En 1942, l’inspectrice principale du Secours national donnera sa démission pour protester contre la violation répétée du secret professionnel, suivie en cela par nombre de cadres. C’est encore le régime de Vichy qui contribue à créer et à développer les services sociaux dans toutes les sphères de la société : milieu rural, monde du travail, hôpital, armées de terre, de l’air et marine nationale, Sncf, prisons, police, protection de l’enfance, délinquance… Les armées de la France libre ne seront pas en reste, puisqu’elles organiseront, elles aussi, dès le 8 août 1941 leurs propres services sociaux. En 1942, le préfet de la Seine adopte un schéma d’organisation qui sera repris et étendu à l’ensemble du pays en 1950. Dès 1922 deux regroupements professionnels se créent qui vont se faire concurrence tout au long des années : l’Association des travailleuses sociales (qui regroupe mille adhérentes en 1938) et l’Union catholique des services de santé et des services sociaux.

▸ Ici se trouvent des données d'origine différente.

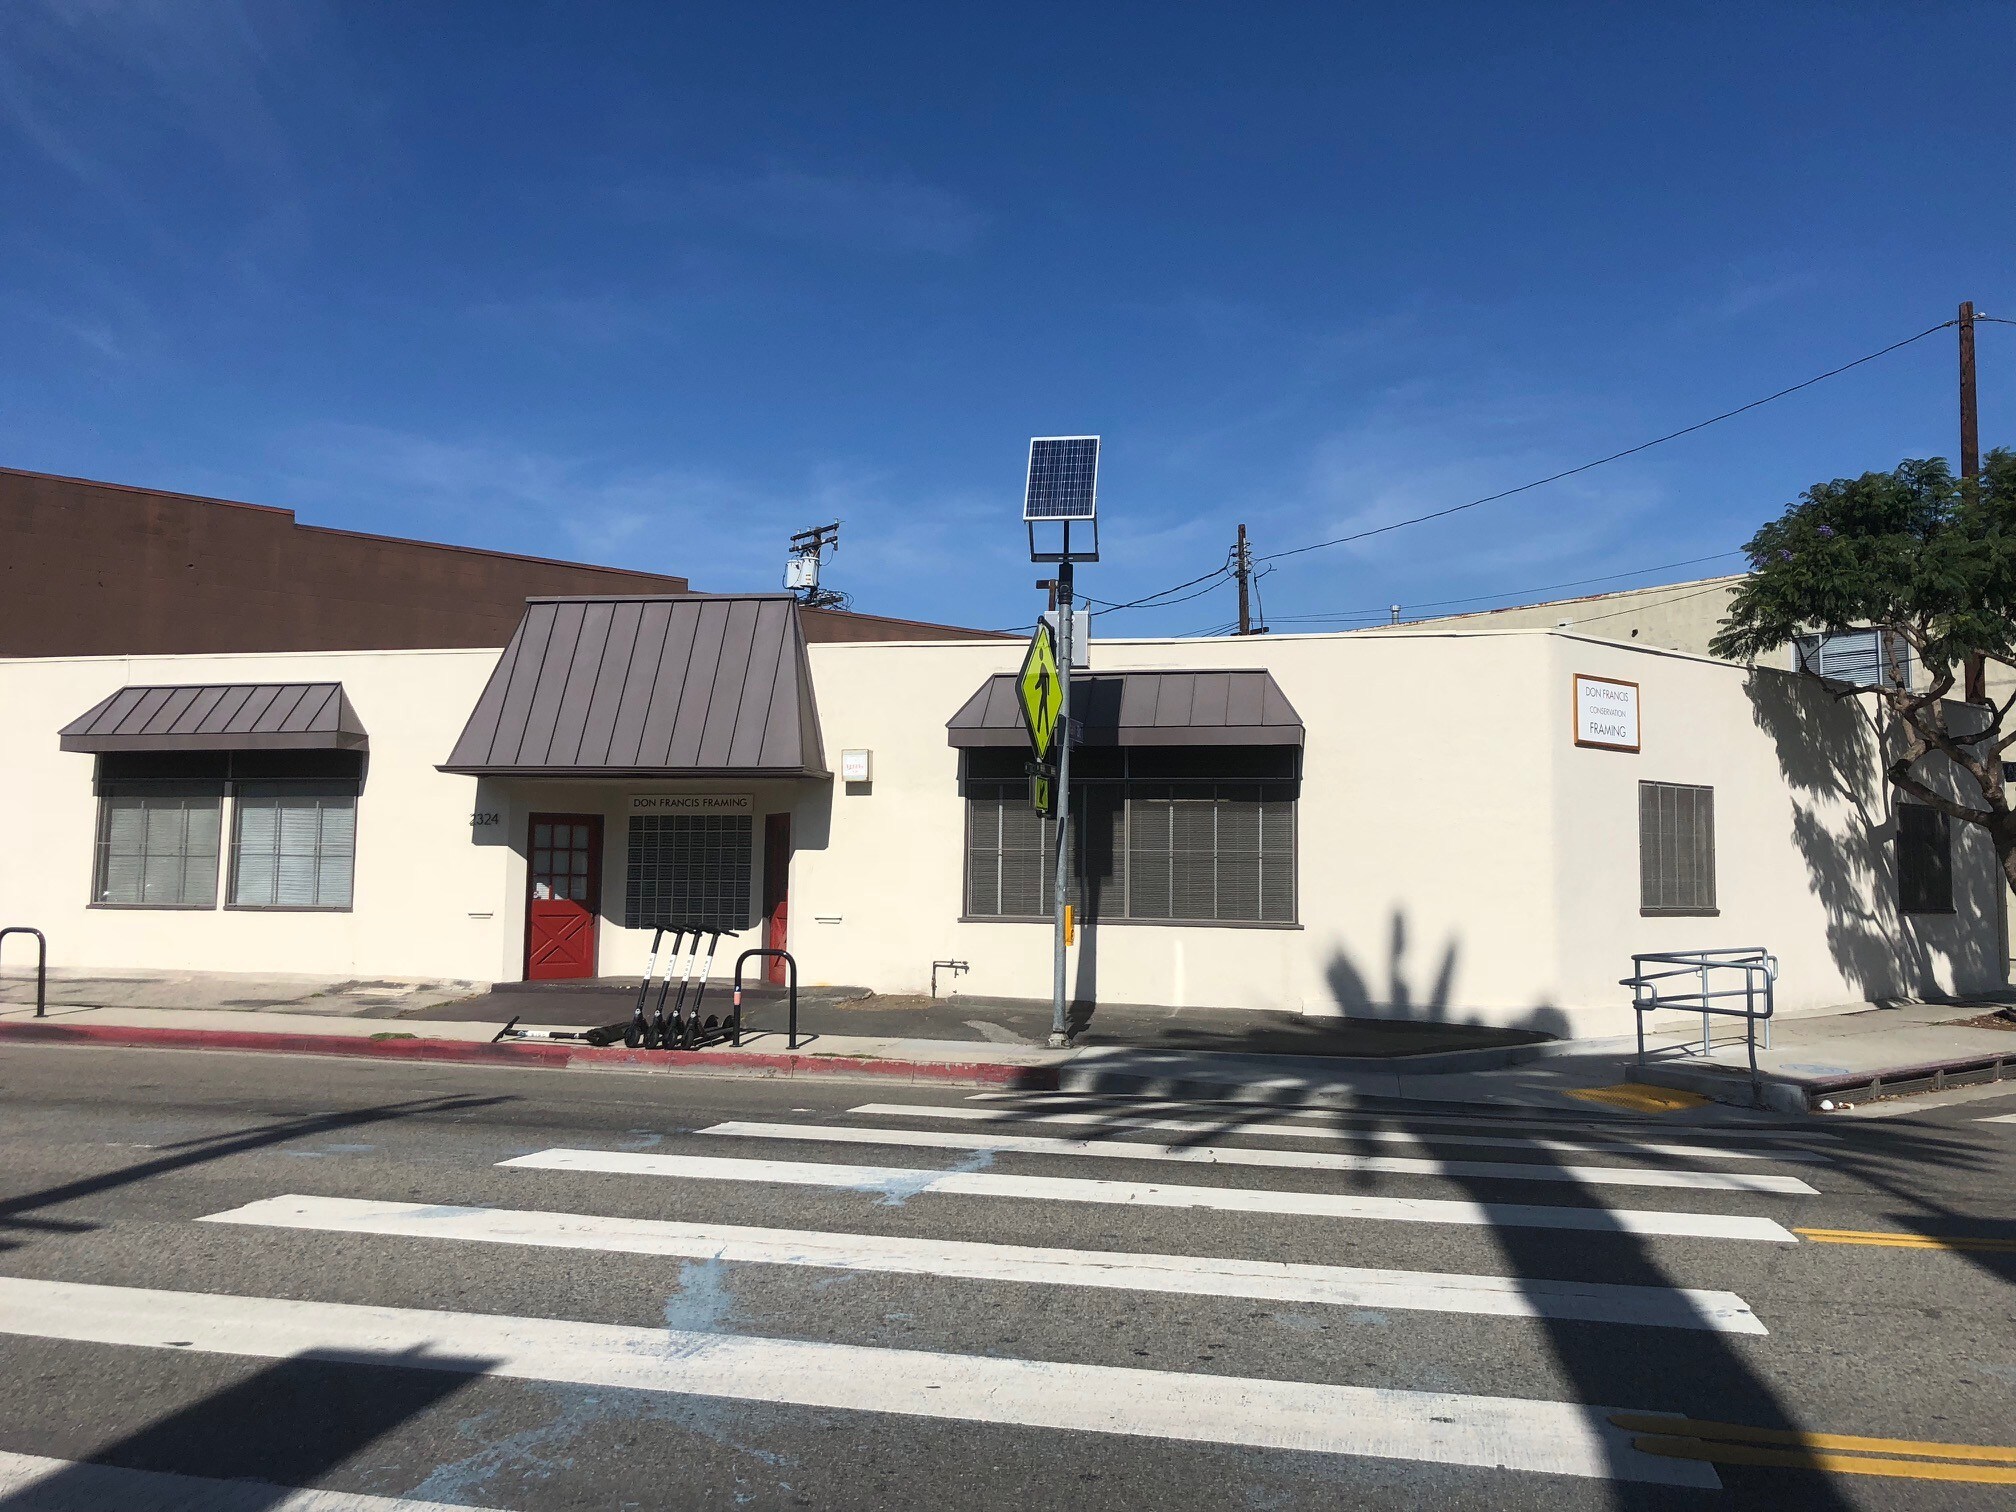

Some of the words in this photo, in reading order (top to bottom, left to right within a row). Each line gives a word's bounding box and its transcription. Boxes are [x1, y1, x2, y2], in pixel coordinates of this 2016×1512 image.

[1585, 686, 1602, 698] DON
[1602, 689, 1629, 702] FRANCIS
[1589, 705, 1627, 718] CONSERVATION
[1589, 721, 1627, 738] FRAMING
[633, 798, 656, 807] DON
[659, 798, 700, 808] FRANCIS
[702, 798, 748, 807] FRAMING
[469, 813, 499, 827] 2324
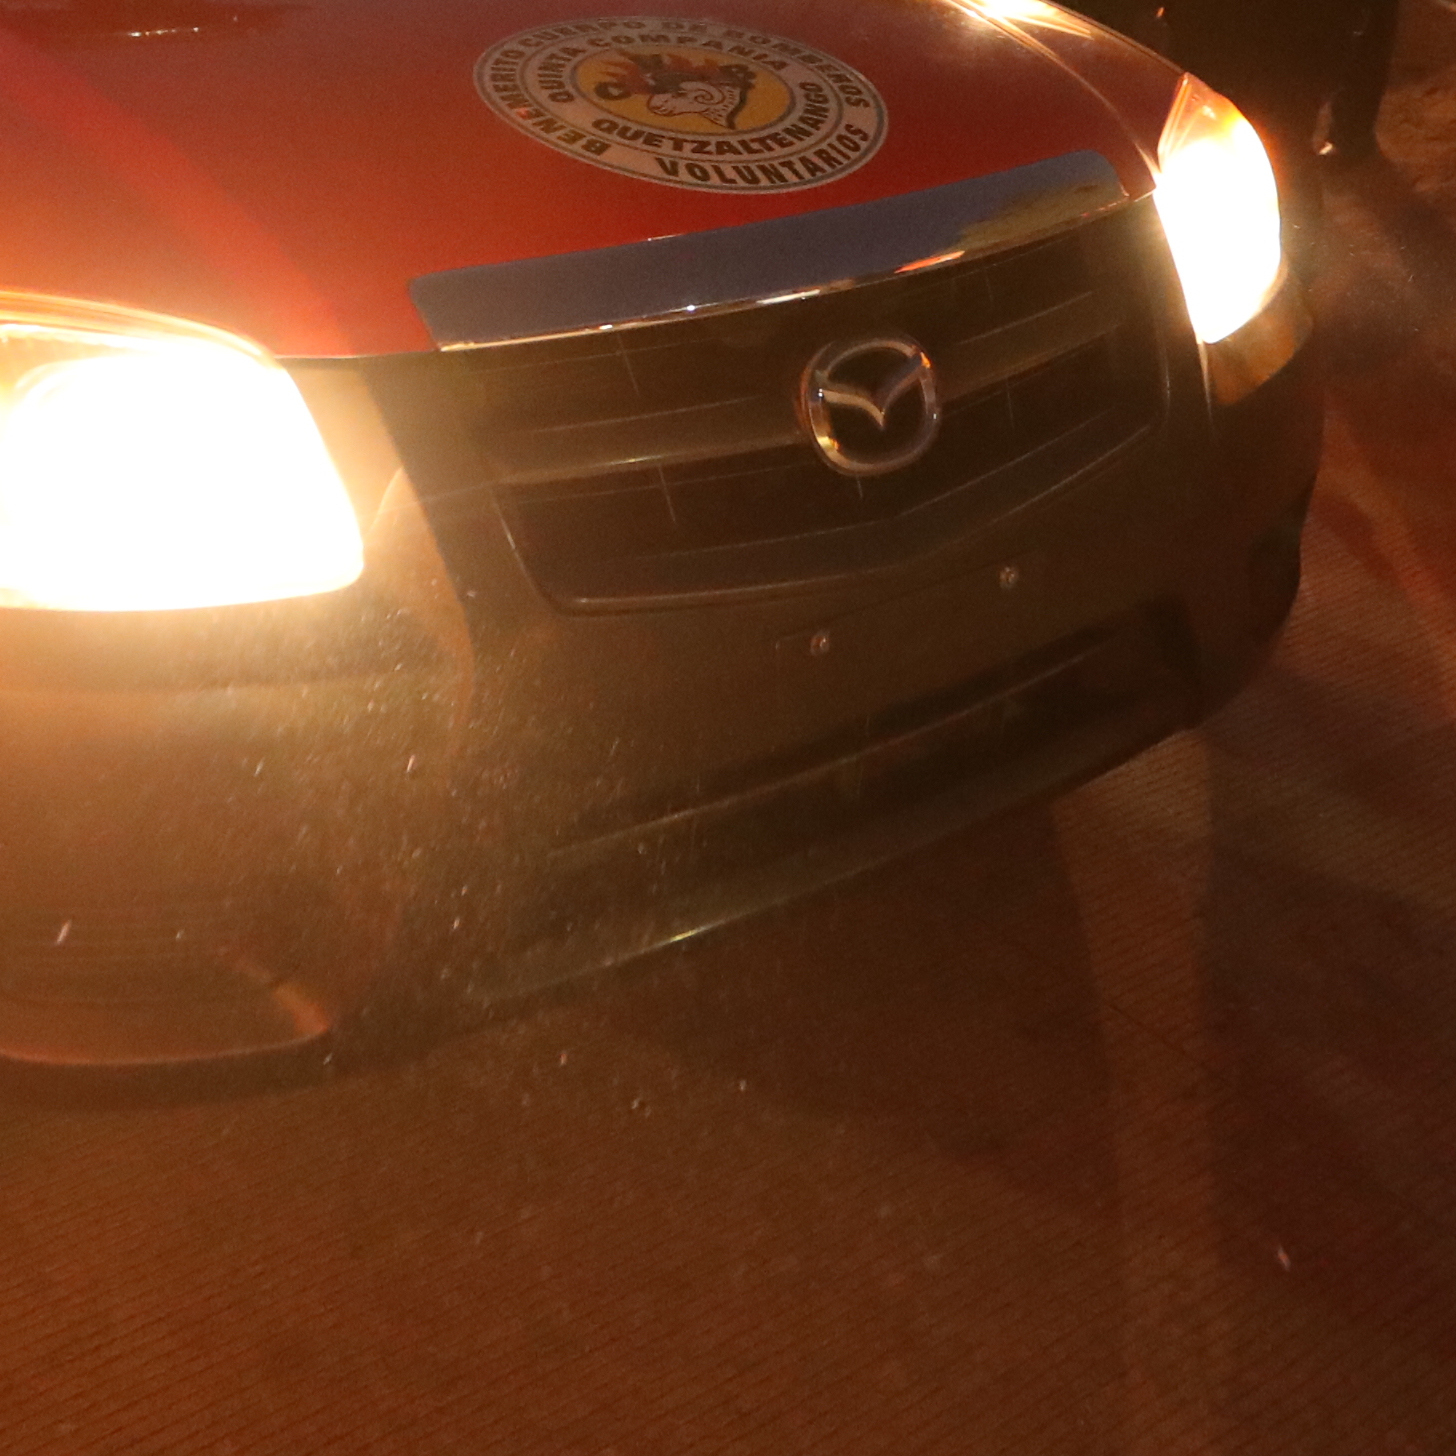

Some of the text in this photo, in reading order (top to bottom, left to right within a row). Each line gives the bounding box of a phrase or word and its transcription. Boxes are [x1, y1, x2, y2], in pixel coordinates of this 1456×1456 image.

[491, 21, 870, 156] BENEMERITO CUERPO DE BOMBEROS
[538, 47, 586, 103] QUINTA
[592, 81, 830, 156] QUETZALTENANGO
[654, 124, 869, 185] VOLUNTARIOS

Conformément à la charte du travail édictée par Vichy, la profession est invitée à se regrouper. En 1943, se constitue un comité d’entente et de liaison entre les deux associations, avec comme perspective une Union à échéance… du mois d’août 1944 ! Finalement, le tournant de la guerre en décidera autrement. Mais le mouvement était lancé et aboutira en décembre 1944 à la création de l’ANAS et à la loi du 8 avril 1946 qui donnera à la profession son visage actuel.